(Beginning of Supplied information)

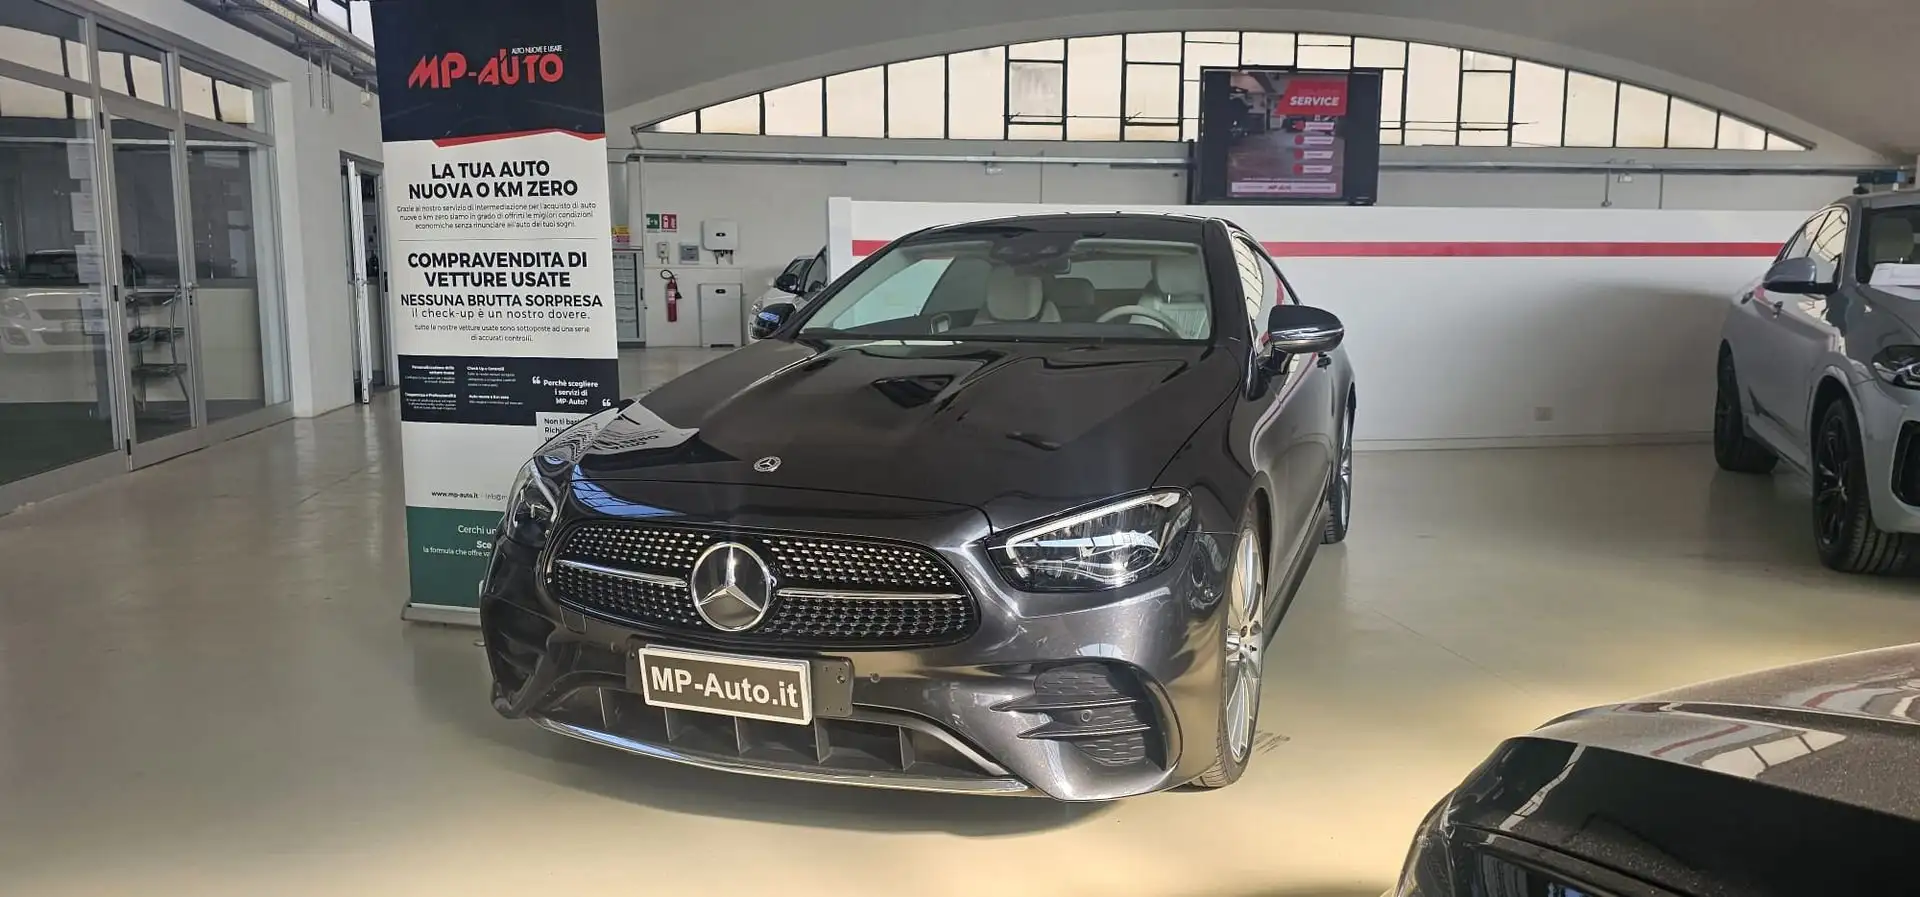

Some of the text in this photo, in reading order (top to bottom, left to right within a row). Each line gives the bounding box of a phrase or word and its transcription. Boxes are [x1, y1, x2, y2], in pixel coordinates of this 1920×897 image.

[408, 48, 563, 88] MP-AUTO
[1290, 96, 1340, 106] SERVICE
[432, 160, 549, 179] LA TUA AUTO
[409, 180, 578, 199] NUOVA O KM ZERO
[475, 203, 527, 211] intermediazione
[477, 213, 495, 221] grado
[534, 211, 557, 219] migliori
[408, 252, 587, 268] COMPRAVENDITA DI
[424, 272, 571, 287] VETTURE USATE
[401, 294, 603, 307] NESSUNA BRUTTA SORPRESA
[412, 308, 590, 320] il check-up è un nostro dovere.
[568, 380, 598, 388] scegliere
[556, 398, 588, 406] MP-Auto?
[432, 491, 478, 499] www.mp-auto.it
[458, 525, 484, 534] Cerchi
[430, 546, 454, 555] formula
[651, 666, 799, 708] MP-Auto.it
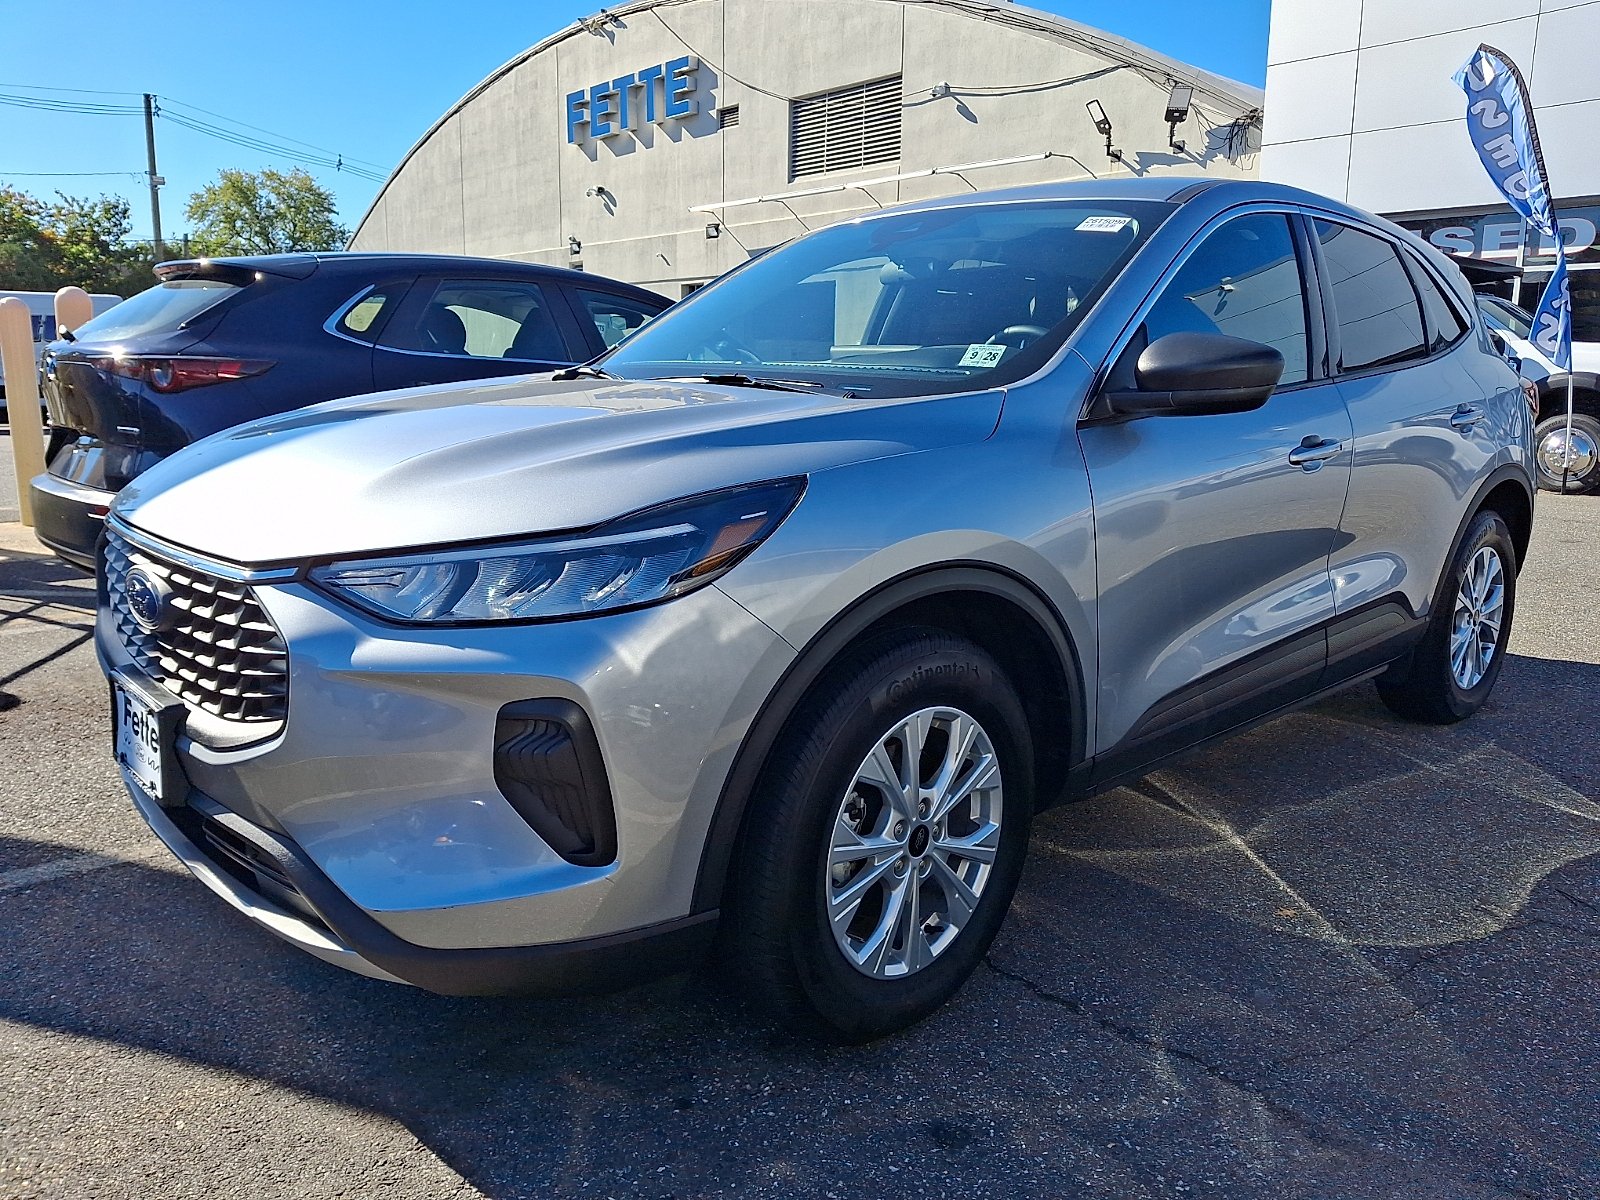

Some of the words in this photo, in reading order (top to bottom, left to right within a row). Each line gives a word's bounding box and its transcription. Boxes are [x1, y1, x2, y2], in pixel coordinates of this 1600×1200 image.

[566, 55, 695, 145] FETTE
[1411, 217, 1597, 259] SED
[970, 351, 979, 360] 9
[983, 352, 999, 362] 28
[123, 694, 159, 754] Fette
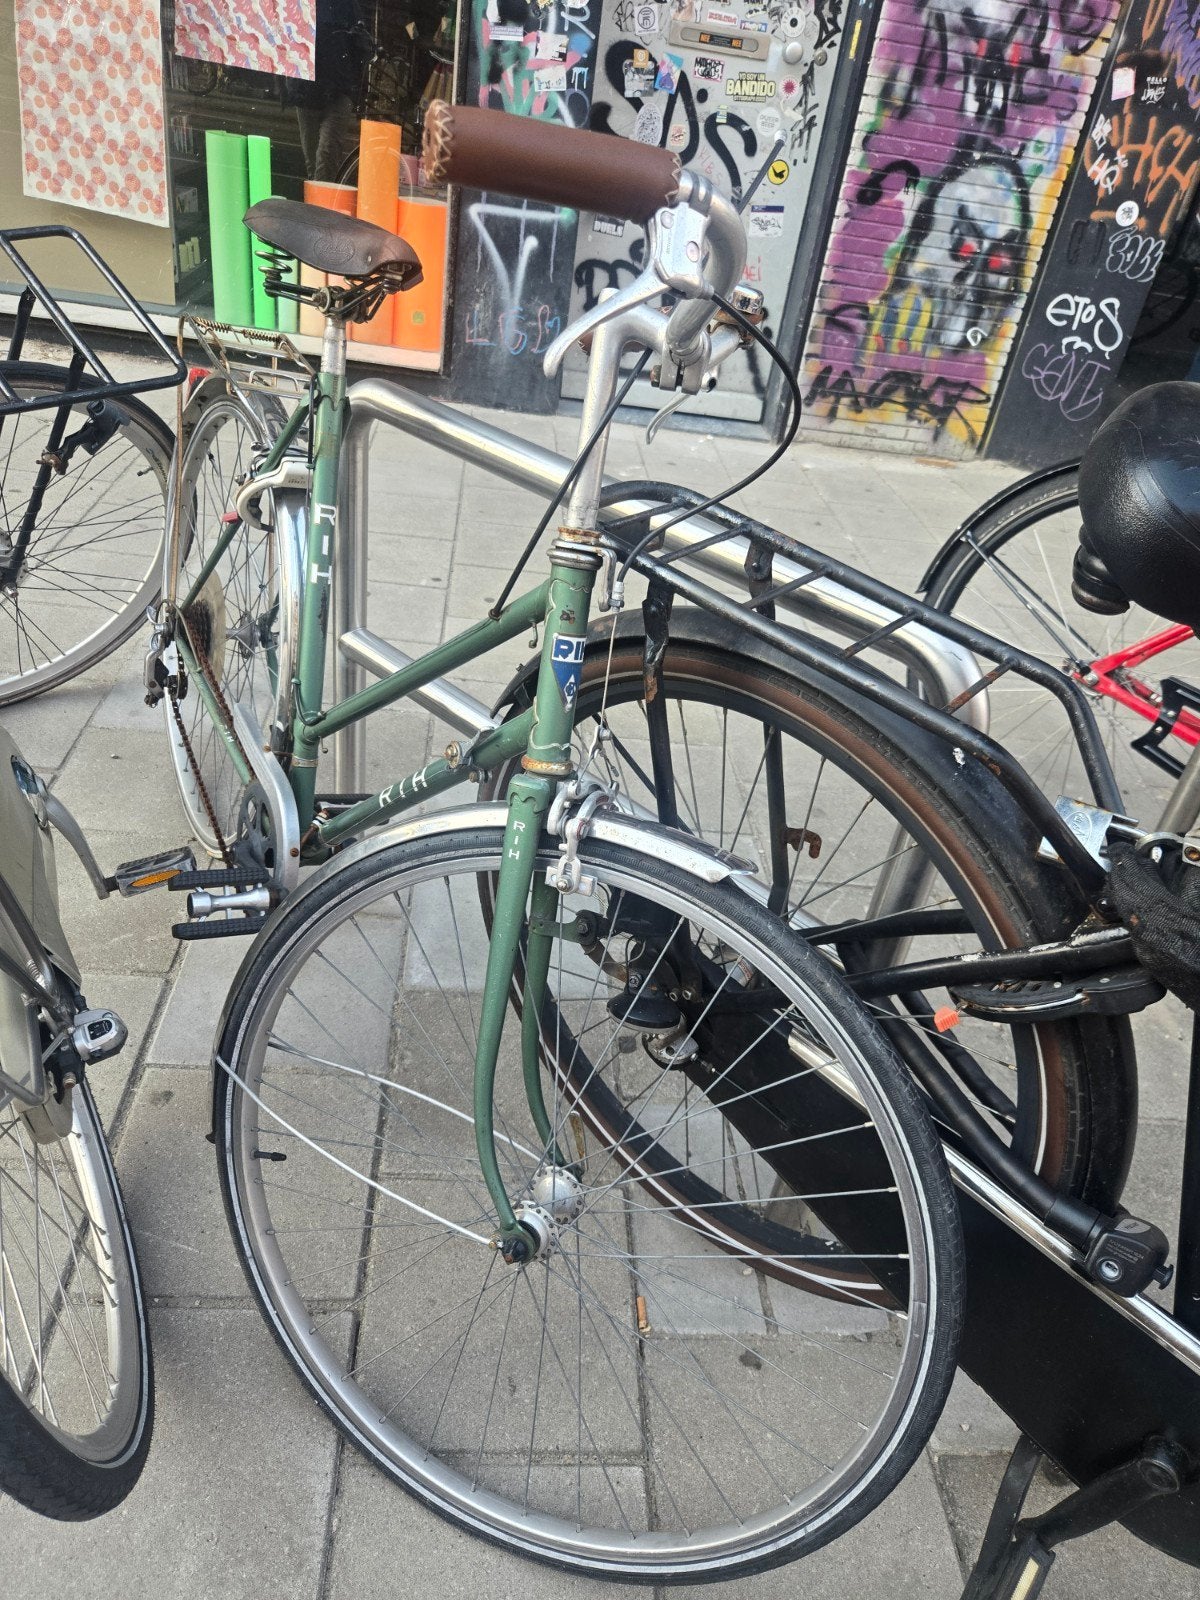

(End of Supplied information)

| Exercise brief |
Each line of the records above must be repeated exactly, but no picture belongs in the copy.

| Task answer |
Some of the text in this photo, in reading order (top to bottom, left to right within a row). Each line gives the bounding box of a phrase or word and its transcription. Boxes are [x1, y1, x2, y2], in pixel coordinates of this 1920×897 image.

[408, 48, 563, 88] MP-AUTO
[1290, 96, 1340, 106] SERVICE
[432, 160, 549, 179] LA TUA AUTO
[409, 180, 578, 199] NUOVA O KM ZERO
[475, 203, 527, 211] intermediazione
[477, 213, 495, 221] grado
[534, 211, 557, 219] migliori
[408, 252, 587, 268] COMPRAVENDITA DI
[424, 272, 571, 287] VETTURE USATE
[401, 294, 603, 307] NESSUNA BRUTTA SORPRESA
[412, 308, 590, 320] il check-up è un nostro dovere.
[568, 380, 598, 388] scegliere
[556, 398, 588, 406] MP-Auto?
[432, 491, 478, 499] www.mp-auto.it
[458, 525, 484, 534] Cerchi
[430, 546, 454, 555] formula
[651, 666, 799, 708] MP-Auto.it

Some of the words in this photo, in reading order (top to bottom, left to right within a row). Each line gives a word's bounding box and its transcription. Boxes are [x1, y1, x2, y2], in pixel coordinates of this 1600×1200 image.

[566, 55, 695, 145] FETTE
[1411, 217, 1597, 259] SED
[970, 351, 979, 360] 9
[983, 352, 999, 362] 28
[123, 694, 159, 754] Fette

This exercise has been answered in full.